*PROBLEM STATEMENT*. Only an exact copy of the entries, stripped of pictures, will serve as the answer.

*EXCERPTED RECORDS*.
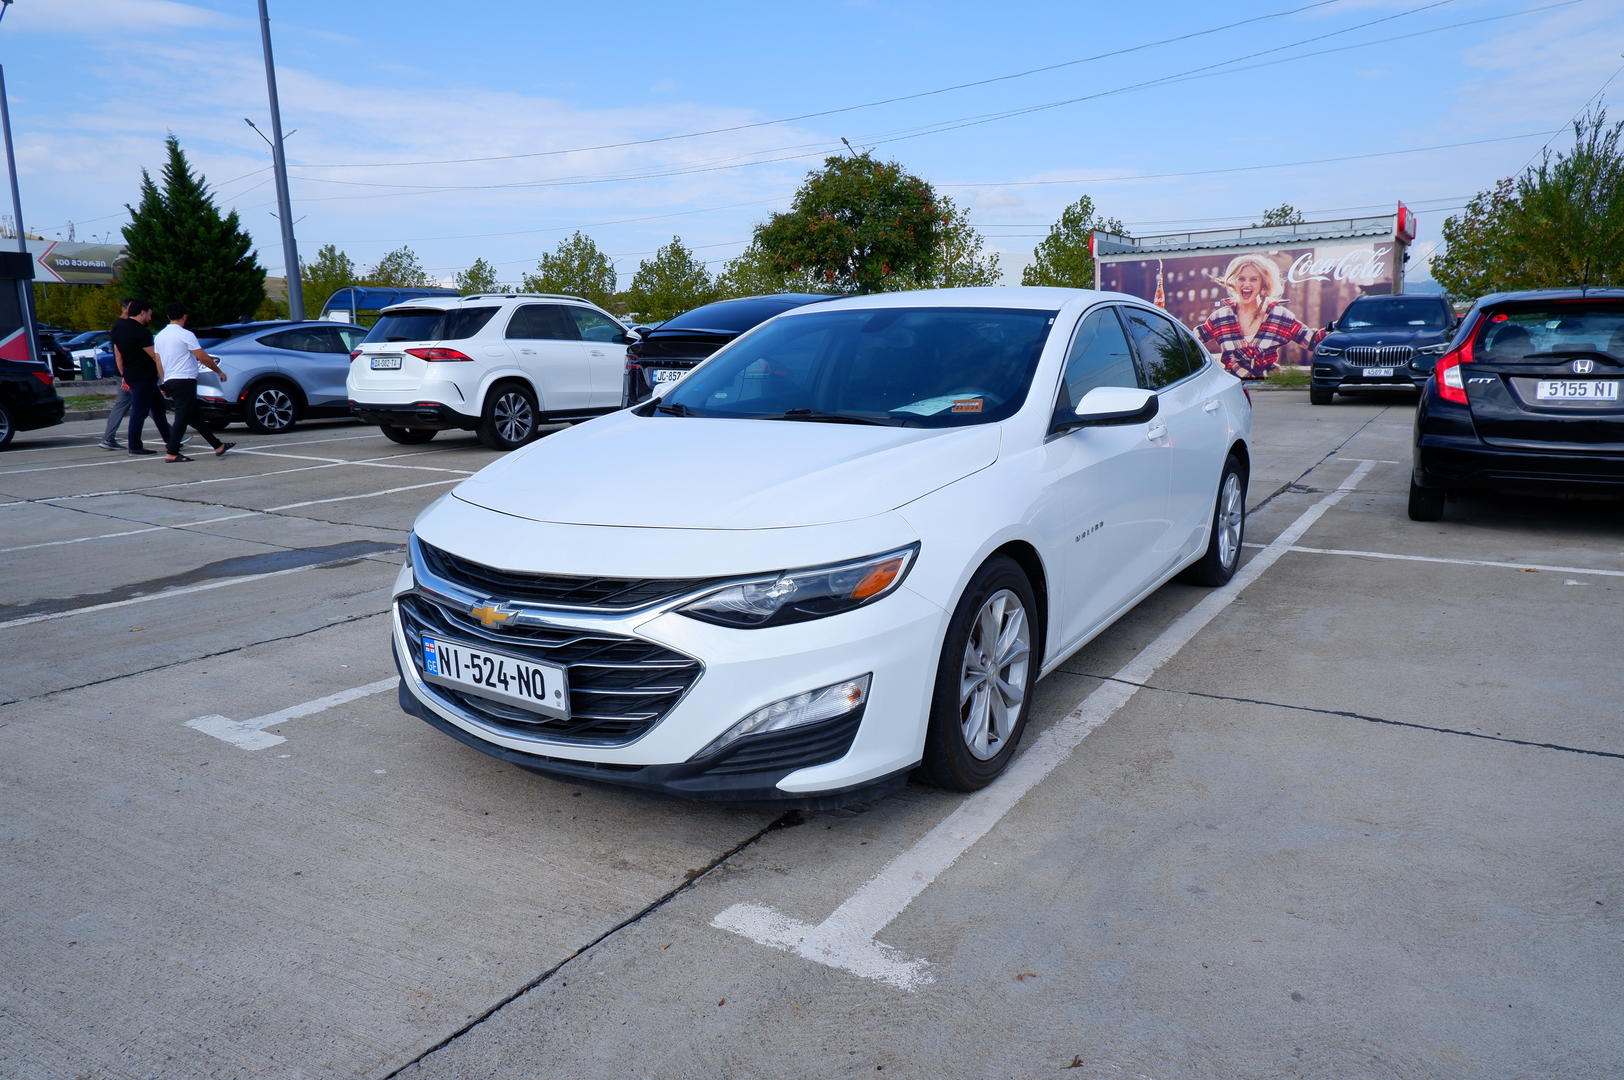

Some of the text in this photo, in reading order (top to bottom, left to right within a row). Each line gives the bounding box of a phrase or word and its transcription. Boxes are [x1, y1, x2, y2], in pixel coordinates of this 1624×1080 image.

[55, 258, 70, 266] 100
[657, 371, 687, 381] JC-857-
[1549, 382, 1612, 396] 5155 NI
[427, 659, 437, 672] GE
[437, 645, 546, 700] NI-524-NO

*SOLUTION TO THE PROBLEM*.
Some of the text in this photo, in reading order (top to bottom, left to right within a row). Each line gives the bounding box of a phrase or word and its transcription. Boxes are [x1, y1, x2, y2], in pixel coordinates of this 1624×1080 image.

[55, 258, 70, 266] 100
[657, 371, 687, 381] JC-857-
[1549, 382, 1612, 396] 5155 NI
[427, 659, 437, 672] GE
[437, 645, 546, 700] NI-524-NO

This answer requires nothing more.